Global, Press Release

May 14, 2021 | By Cole Hatcher

Students in professor Mary Anne Lewis Cusato’s ‘Fourteen Kilometers’ class on immigration between Africa and Europe visited a Central African refugee living in Columbus to learn his story first-hand, in French. Oral history was one piece of the course, which culminated in a collaborative website built by the students and a new journal article co-authored by Lewis Cusato and professor Nancy Demerdash-Fatemi of Albion College. Pictured are (from left) Alexander Sánchez Claudio, Caroline Shaffer, Paris Norman, Allie Eynon, Mary Anne Lewis Cusato, Ornella Bisamaza, David Sickles, and Brandon Stevens. (Photo courtesy of Mary Anne Lewis Cusato)

‘Documenting Africa’

Ohio Wesleyan Professor Collaborates on Teaching Project, Journal Article

DELAWARE, Ohio – Ohio Wesleyan University faculty member Mary Anne Lewis Cusato has expanded her course on immigration, “Fourteen Kilometers,” into a collaborative teaching project that broadens the impact of its lessons to include a new “Documenting Africa” website and a peer-reviewed journal article.

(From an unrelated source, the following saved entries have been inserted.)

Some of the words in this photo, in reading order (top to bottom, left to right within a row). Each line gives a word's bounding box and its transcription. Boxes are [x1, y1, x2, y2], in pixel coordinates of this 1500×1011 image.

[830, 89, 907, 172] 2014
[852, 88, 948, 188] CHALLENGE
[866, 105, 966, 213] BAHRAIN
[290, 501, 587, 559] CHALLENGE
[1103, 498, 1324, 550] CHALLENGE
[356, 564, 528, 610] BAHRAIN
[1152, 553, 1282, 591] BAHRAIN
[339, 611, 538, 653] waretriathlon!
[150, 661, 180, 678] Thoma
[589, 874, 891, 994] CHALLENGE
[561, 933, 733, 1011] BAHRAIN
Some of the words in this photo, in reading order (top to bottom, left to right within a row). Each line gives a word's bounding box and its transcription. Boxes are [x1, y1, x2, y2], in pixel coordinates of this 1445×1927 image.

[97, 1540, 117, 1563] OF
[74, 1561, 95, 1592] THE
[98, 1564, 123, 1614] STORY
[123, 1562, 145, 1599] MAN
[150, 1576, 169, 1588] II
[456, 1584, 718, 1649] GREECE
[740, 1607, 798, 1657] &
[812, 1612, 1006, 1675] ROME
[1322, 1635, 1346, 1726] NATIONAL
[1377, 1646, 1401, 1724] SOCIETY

The project is a collaboration between Lewis Cusato, Ph.D., associate professor of World Languages and Cultures and co-director of the Palmer Global Scholars Program, and Nancy Demerdash-Fatemi, Ph.D., assistant professor of Art History at Albion College in Michigan.

The collaboration involved the educators teaching separate courses that, in their words, collectively “explored the artistic traditions and literary, journalistic, cinematographic, and visual representations of African peoples and cultures.”

“Students in both courses were encouraged to confront and ask difficult questions about the biases and mythologies that permeate Western perceptions about Africa, African peoples, and cultures; and to become attentive to the problems of history, misrepresentations, and the importance of historiographic revision,” they explain in their co-written article. It appears in the May 11 edition of The Journal of Interactive Technology and Pedagogy.

At Ohio Wesleyan, students in Lewis Cusato’s French-language course “Fourteen Kilometers: Mediterranean (Im)Migrations in Contemporary Francophone Cultural Expressions” completed three benchmark assignments to help them answer these questions:

  • What does it mean to record an oral history responsibly and ethically and how do stylistics, such as camerawork and sound recording, affect such a project?
  • What are the stakes of creating an outward-facing project, especially for cultural documents that represent or come from Africa?
  • How do exhibition and translation – extensions of the original object(s) – affect the project?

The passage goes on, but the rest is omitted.